In the recent decision by MacLeod J, Scaffidi-Argentina v. Tega Homes Developments Inc, 2020 ONSC 3232, a case conference was held to determine the best manner in which to move this action forward. MacLeod J was blunt in stating that there is:

very little likelihood of traditional trials resuming before July or September and even then, it may be possible to use court rooms only with precautions and safeguards in place. This may significantly impact the number of cases that may be heard at one time, the number of matters that can proceed at all and the pace at which trials proceed. Virtual hearings are likely to retain a permanent place in the judicial tool box.

As the pandemic continues, the Court is obtaining the experience and resources to conduct more matters in the digital setting. However, to expect that the Courts will go from 0 to 60, is unrealistic.  Furthermore, there is a significant backlog regarding trials and other matters.

Although trials may be scheduled to proceed in September, the Courts must deal with the backlog first and therefore, those existing trial dates may be pushed back. The scheduling of trials is in essence, stalled. MacLeod J comments that he cannot realistically schedule a trial in the latter part of 2020 or the first six months of 2021.

Even though the initial request, pre-pandemic, of scheduling a Summary Judgment motion in this matter was declined, now MacLeod J considered it  a viable way of resolving the matter even with the possibility of appeal or the motions judge refusing judgment. Rule 20 of the Rules of Civil Procedure governs motions for summary judgment. It provides a mechanism in cases where there is “no genuine issue for trial” for all or part of a claim to be disposed of in a summary manner without a full trial.

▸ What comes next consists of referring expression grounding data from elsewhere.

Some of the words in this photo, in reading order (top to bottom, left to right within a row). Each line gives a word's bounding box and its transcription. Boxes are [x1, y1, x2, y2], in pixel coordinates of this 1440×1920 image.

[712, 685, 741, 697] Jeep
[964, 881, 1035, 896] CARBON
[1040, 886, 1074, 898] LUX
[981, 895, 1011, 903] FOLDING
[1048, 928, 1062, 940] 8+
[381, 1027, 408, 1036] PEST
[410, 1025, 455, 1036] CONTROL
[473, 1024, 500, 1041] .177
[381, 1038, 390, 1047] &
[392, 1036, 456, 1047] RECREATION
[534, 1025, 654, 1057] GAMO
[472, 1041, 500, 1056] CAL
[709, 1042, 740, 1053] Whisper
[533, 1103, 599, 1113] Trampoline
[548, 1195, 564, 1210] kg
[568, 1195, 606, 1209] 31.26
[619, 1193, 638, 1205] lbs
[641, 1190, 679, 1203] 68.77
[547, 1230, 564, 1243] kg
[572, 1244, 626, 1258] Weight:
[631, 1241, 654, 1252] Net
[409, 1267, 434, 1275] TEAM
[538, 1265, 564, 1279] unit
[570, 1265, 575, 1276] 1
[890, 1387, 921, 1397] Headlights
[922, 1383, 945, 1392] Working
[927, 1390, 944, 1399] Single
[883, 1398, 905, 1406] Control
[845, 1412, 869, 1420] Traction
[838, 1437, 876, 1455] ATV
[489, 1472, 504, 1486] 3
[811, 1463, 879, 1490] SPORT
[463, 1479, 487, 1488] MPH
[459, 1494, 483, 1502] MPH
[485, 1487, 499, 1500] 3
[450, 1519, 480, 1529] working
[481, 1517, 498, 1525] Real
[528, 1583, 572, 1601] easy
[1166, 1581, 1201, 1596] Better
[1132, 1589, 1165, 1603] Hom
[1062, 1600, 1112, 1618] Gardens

Parameters were provided regarding the online filing of materials and providing hyperlinks to cases, transcripts, reports and documents.

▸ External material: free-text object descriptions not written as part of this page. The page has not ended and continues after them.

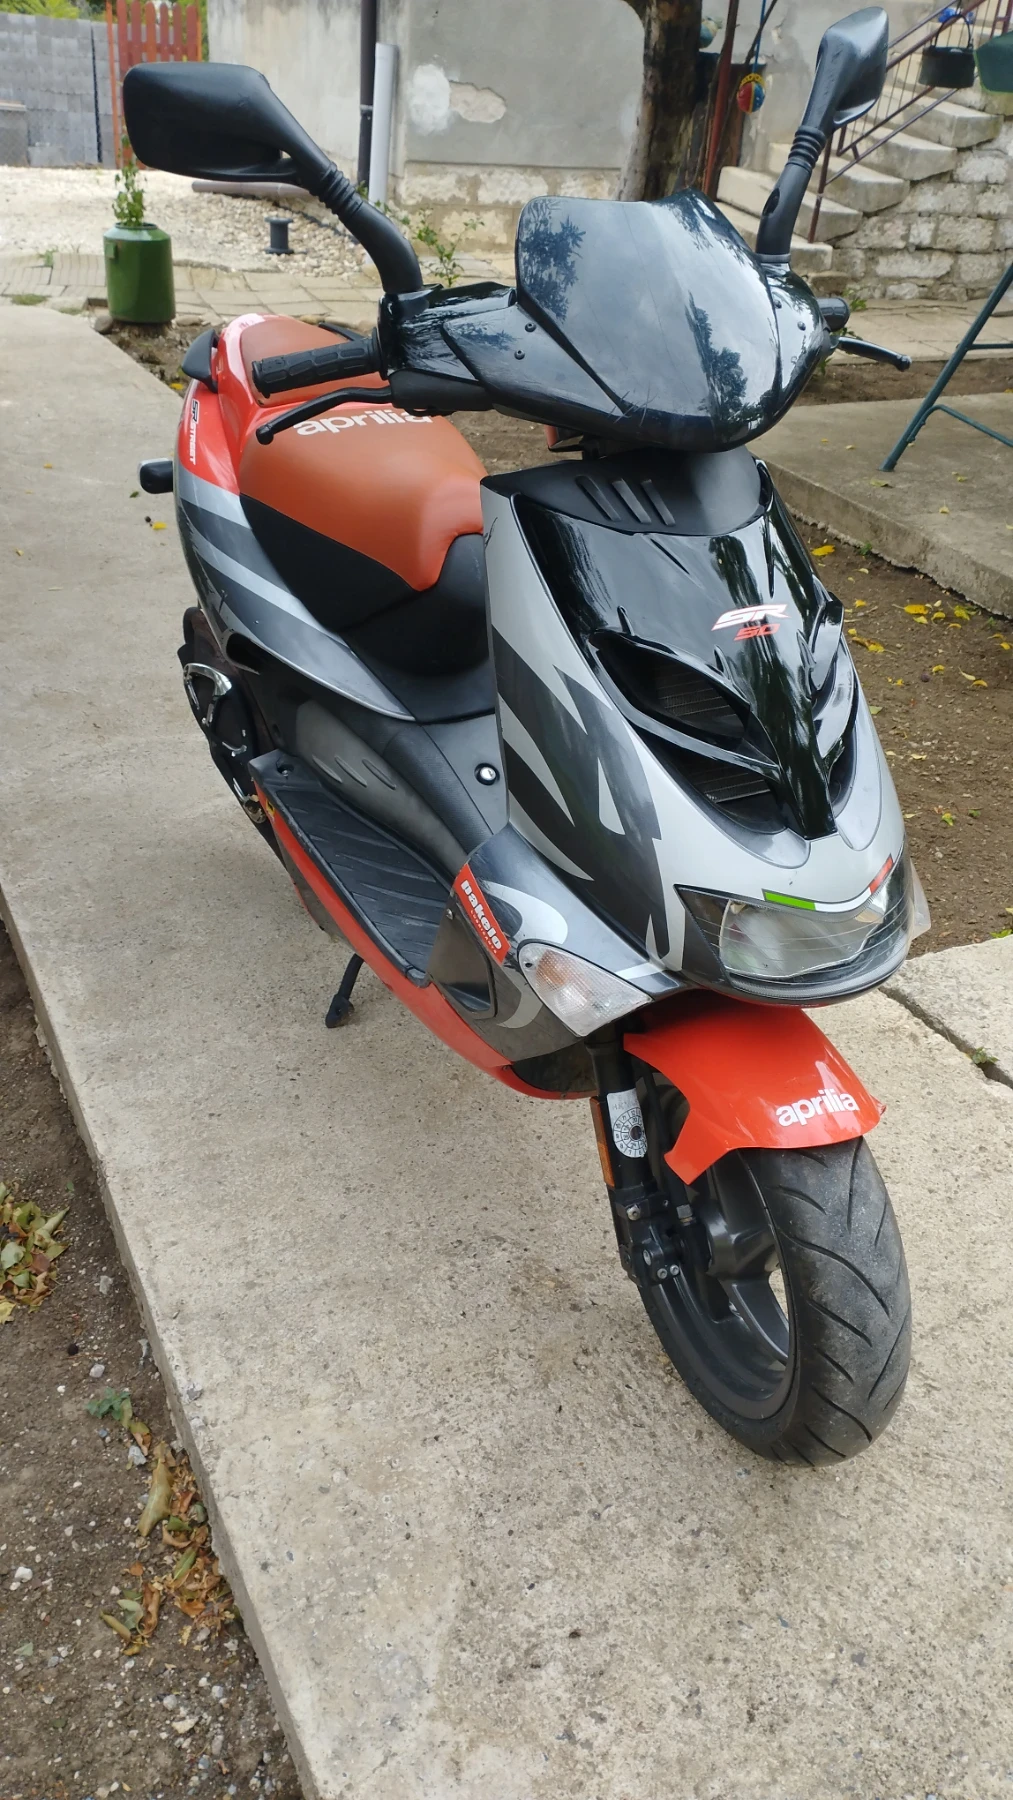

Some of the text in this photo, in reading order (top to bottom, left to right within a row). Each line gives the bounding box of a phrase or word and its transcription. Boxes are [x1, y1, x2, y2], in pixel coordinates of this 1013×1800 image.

[191, 399, 200, 423] SR
[293, 409, 433, 436] aprilia
[711, 604, 791, 631] SR
[734, 623, 781, 641] 50
[460, 879, 502, 950] pakelo
[775, 1088, 860, 1127] aprilia

This is the new reality for trials and hearings. Counsel will have to ensure that they have all of the appropriate equipment and means to conduct matters through video conference or teleconference. The upside is that there are no travel costs or restrictions for cases. Counsel in Mississauga can easily participate, without the travel costs, for matters in Windsor and Ottawa and this is a win for the clients.  With materials being filed electronically, if the Court misplaces materials you can simply email or upload another copy without having to undergo the cost of reprinting and refiling the materials at the Courthouse.

Although the pandemic has left many things in chaos, the changes being implemented in the Courts and in litigation are for the better.